Thursday, April 22, 2010
Today, I realized that I hadn't posted a new story in two months, and as the schoolteachers in the region held a strike day, there was a free, but jam-packed-with-stuff-to-do day on the agenda and I thought, well, it would be a good time to revisit these pages! Instead of focusing on one particular event, I'd like to go ahead and show you some of the highlights of my busy, but very blessed, life here in Romania Peace Corps. After 11 months in the country, the language comes with everyday ease, the activities are piling up for the record books, and the rewards that come with volunteering are too endless to count.
I've been in contact with two soon-to-be volunteer trainees, one from the heart of the midwest, where some of my family lives, and one from my much loved college back in Charleston, SC, who will be coming here to experience some of what Romania has given to me. I am very happy for them and can't wait to meet them face to face to spend time being their own personal tour guide and mentor as the anniversary of my first year here approaches. They ask me all of the time what my "typical" day looks like and things like how much to pack and what do I do in my free time. Well, girls, the answers lie below, and they are anything but typical. As for the packing, it'll drive you crazy until you get here and you realize that not only can you do without most of it because you can eventually get it here, but, except for the most needed personal mementos and essential favorites, it's okay to leave the country and merge straight ahead and not look back. You'll find a new world here and for a time, it will be your only love. And lastly, the free time thing...well, free it's not, unless you don't want to be a living, breathing, and dedicated member of your new community that has a big heart which will be filled by each Romanian personal experience you will have.
And now for the news:
March came in like a lamb with a beautiful sunny day at church followed by a lovely family dinner with new friends. The sun was shining and the snow still lingered on the mountaintops. I brought home fresh eggs, and milk which they insisted I have, and then spent some time in the barnyard with the new arrivals. During the week, I was gifted by a huge amount of Martisore, those little tokens of love that appear every March 1st until March 8th according to the Romanian holiday calendar. Then, on the tail end of that, International Women's Day brought out the singers and dancers and the flowers that brightened my home here with every color of spring.

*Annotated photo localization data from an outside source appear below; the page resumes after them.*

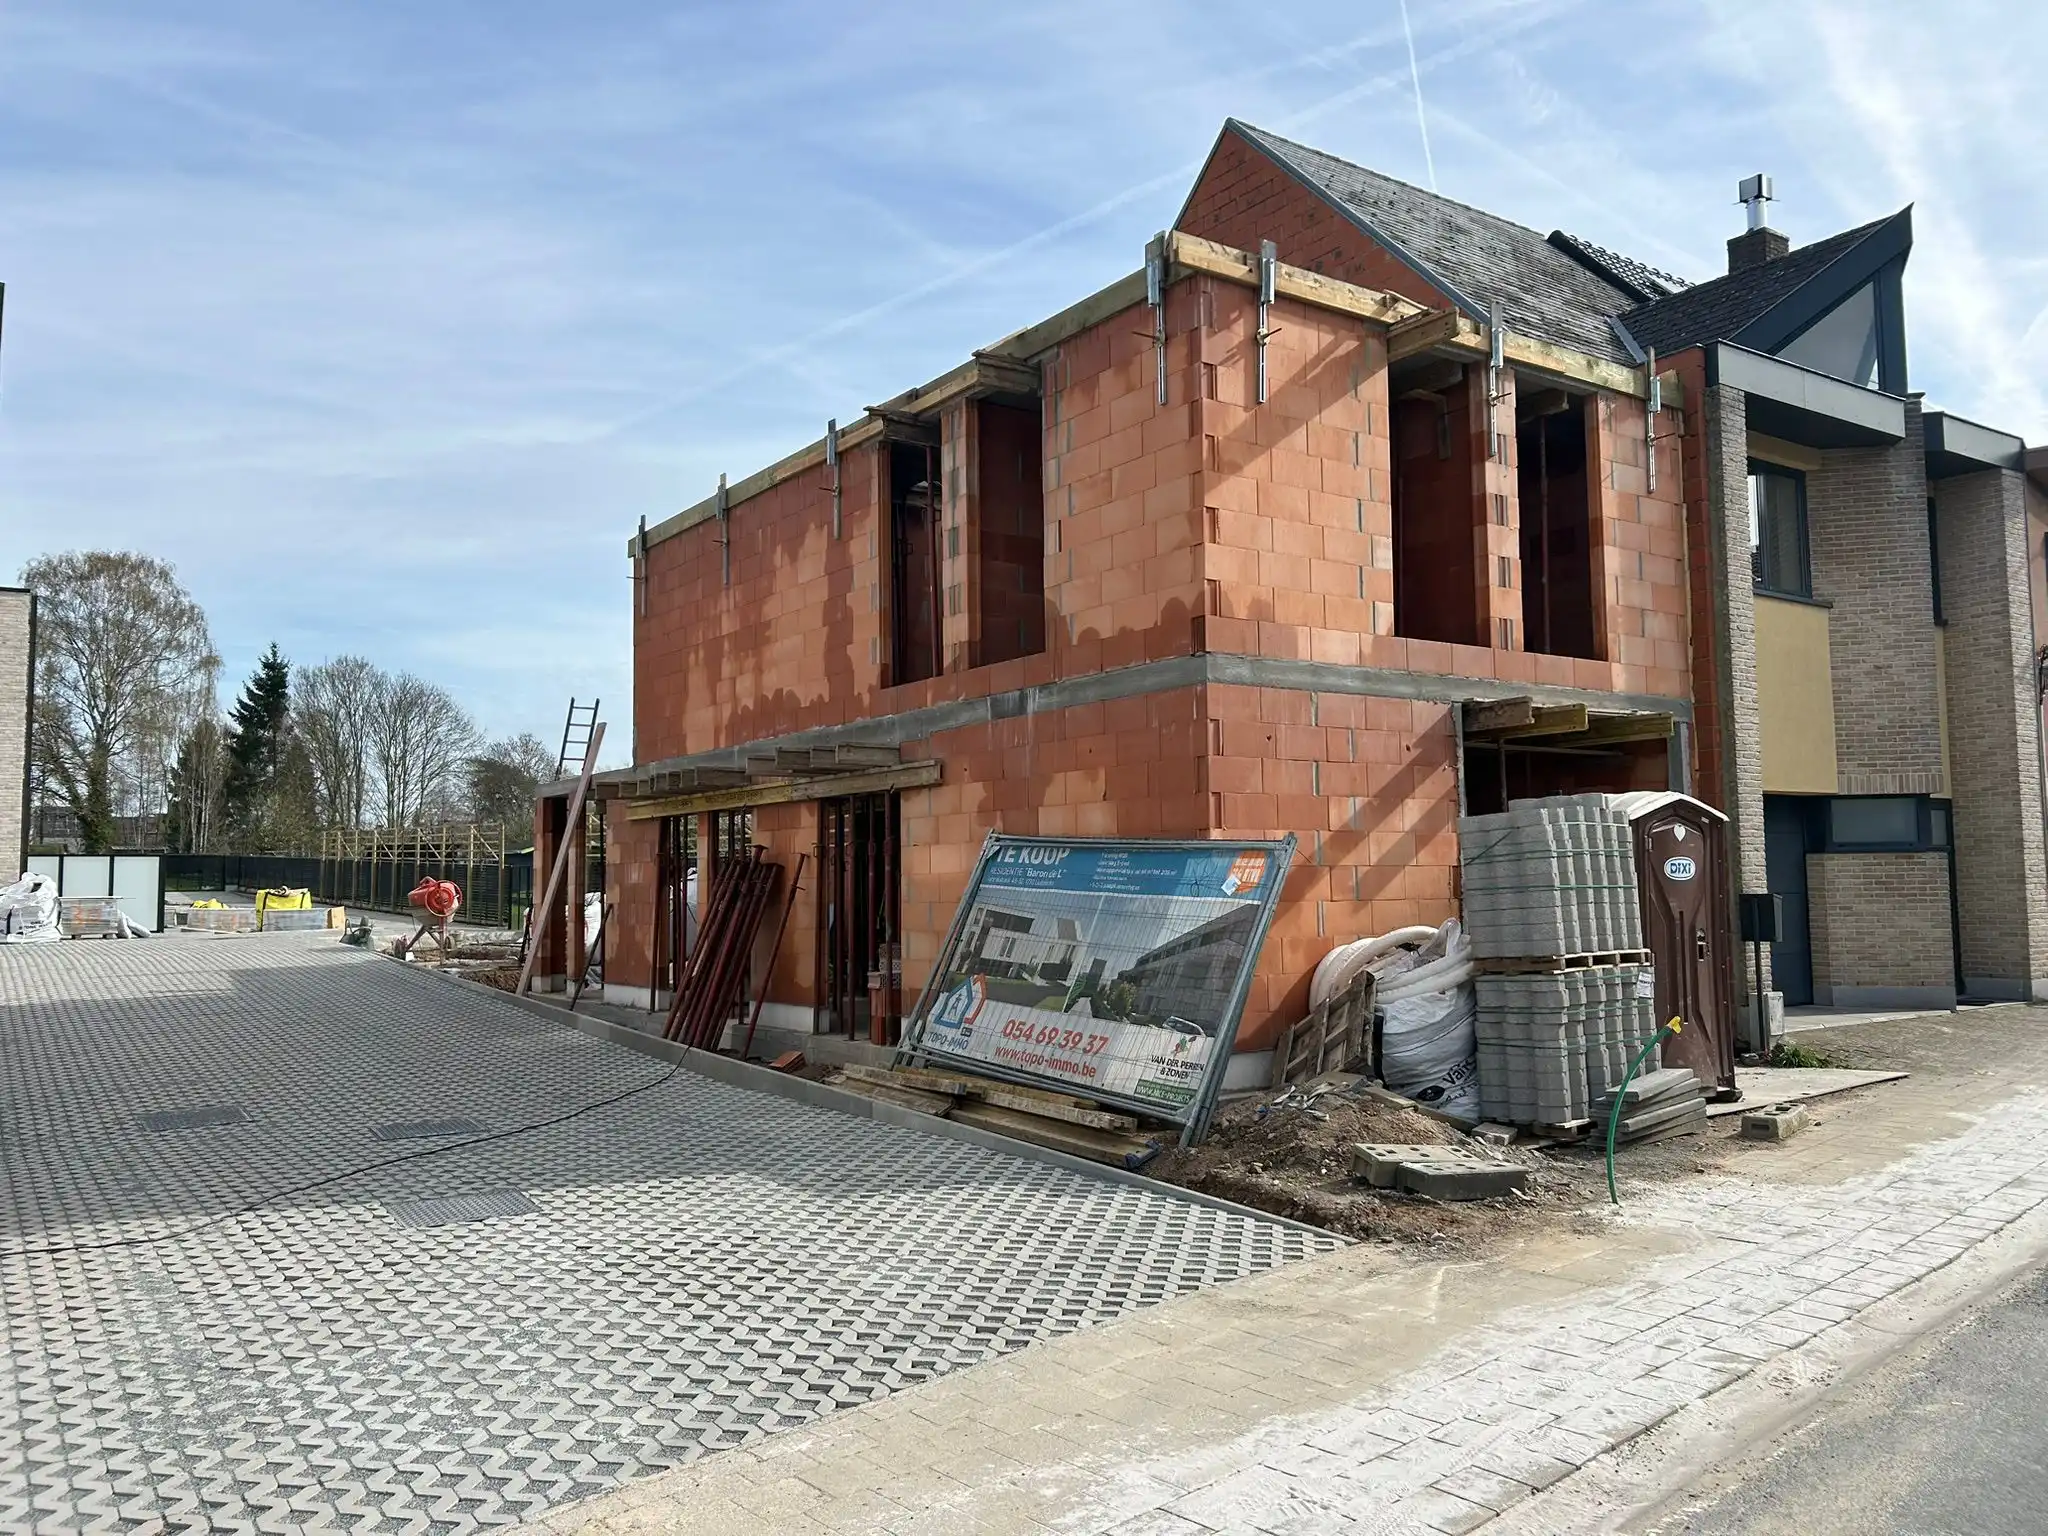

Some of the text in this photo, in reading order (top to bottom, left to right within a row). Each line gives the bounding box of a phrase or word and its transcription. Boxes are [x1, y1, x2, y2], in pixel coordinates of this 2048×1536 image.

[996, 846, 1071, 865] TE KOOP
[927, 1031, 970, 1050] TOPO-IMMO
[1002, 1019, 1036, 1041] 054
[1058, 1029, 1084, 1049] 39
[1083, 1033, 1109, 1055] 37
[994, 1046, 1097, 1078] www.topo-immo.be
[1151, 1055, 1166, 1066] VAN
[1166, 1058, 1179, 1068] DER
[1166, 1068, 1190, 1079] ZONEN

My amazingly precious granddaughter turned six back in the US and it was more than a bit sad to be so far away, but she loves her Nanny just as much as I love her and so for now, the happiness and the growing on both our parts is shared by old fashioned mail and modern technology. It's not perfect, but when I joined the Peace Corps I had to go with it, like it or not.

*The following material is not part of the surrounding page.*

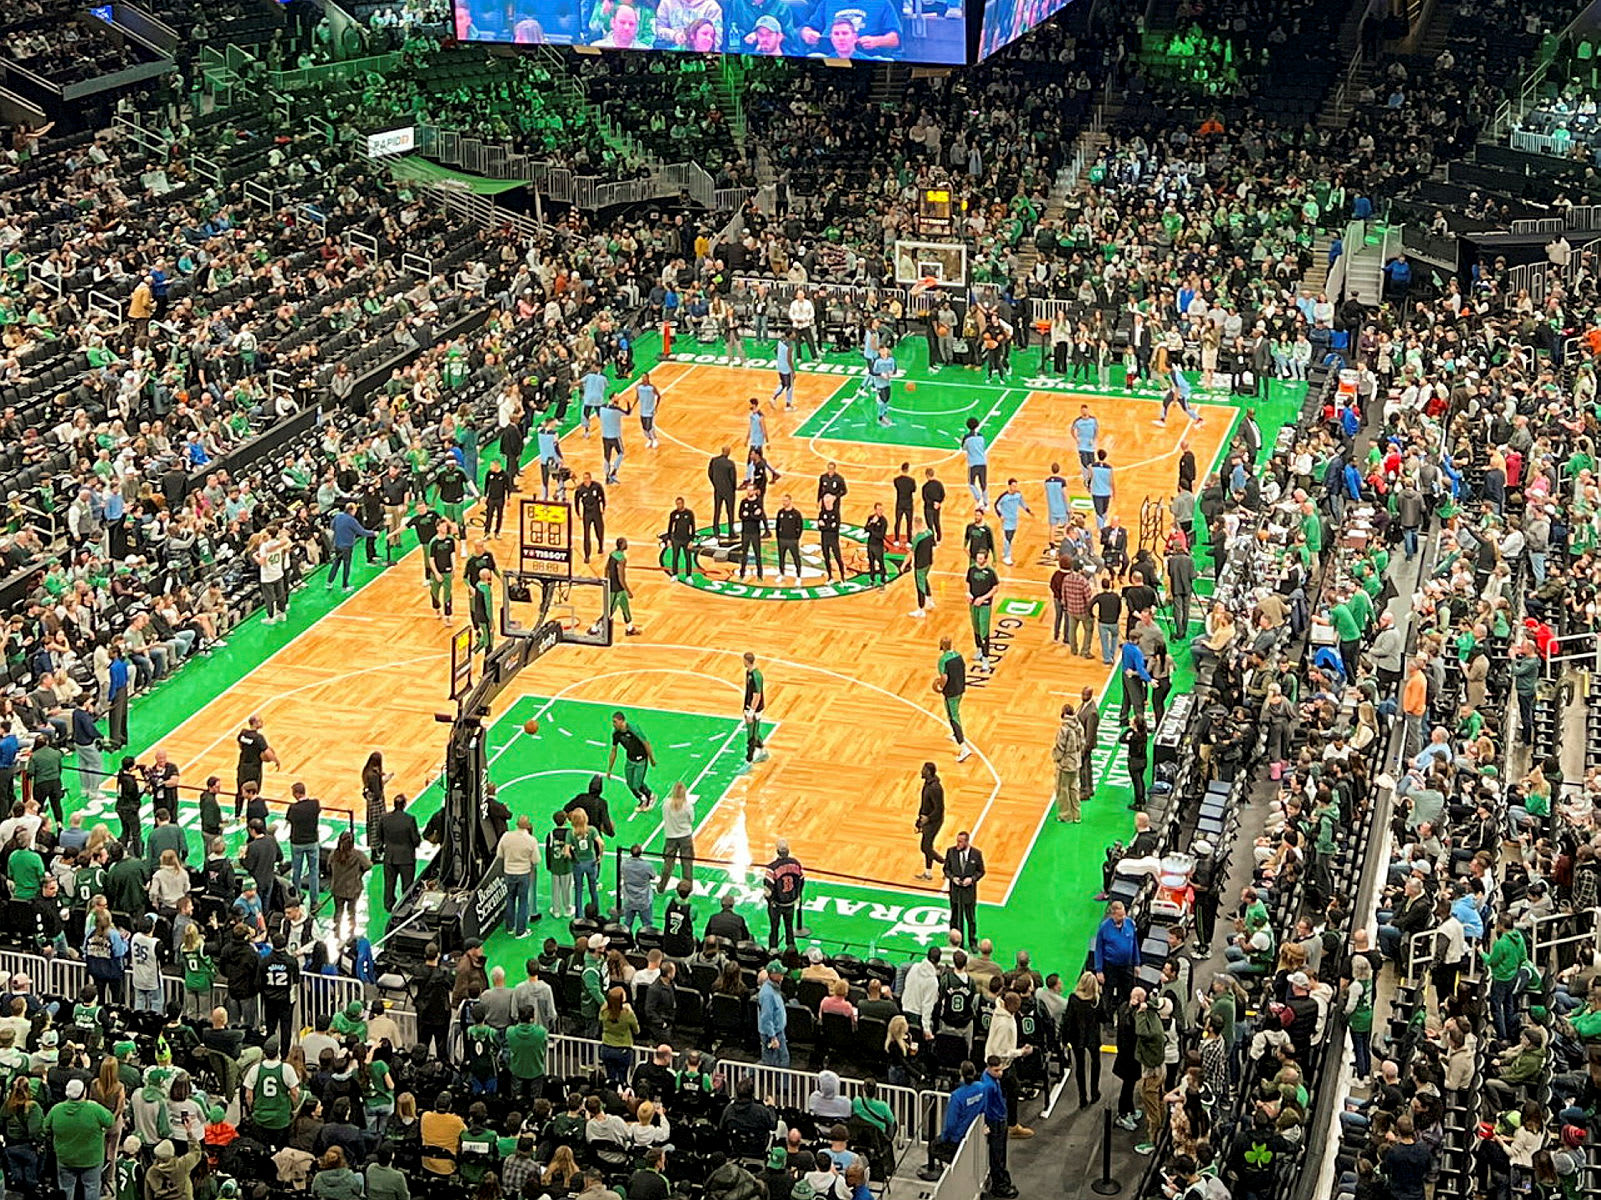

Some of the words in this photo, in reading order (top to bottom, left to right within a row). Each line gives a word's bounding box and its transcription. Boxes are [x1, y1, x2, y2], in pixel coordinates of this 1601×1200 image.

As the month of March progressed, there were Teatime Conversation classes, one focused on the culture of China as I revisited one of my former teaching destinations, and one fun class with a costumed and balloon festooned book party in the wonderland of Alice. There were some International Cooking with English classes. My favorite, Italian, was a smashing success. In a following class we celebrated the fruitful season by coloring eggs with natural dyes and learning how to make everything from over-easy to omelets.
After all that cooking, it was time to take the sled out a bit more, try some skiing before the snow all melted, and climb the muddy mountain behind the house, just because it was there, to pick some of the freshly sprouted ghioceii that perks up when the winter is ready to take a pause. (See photo above!)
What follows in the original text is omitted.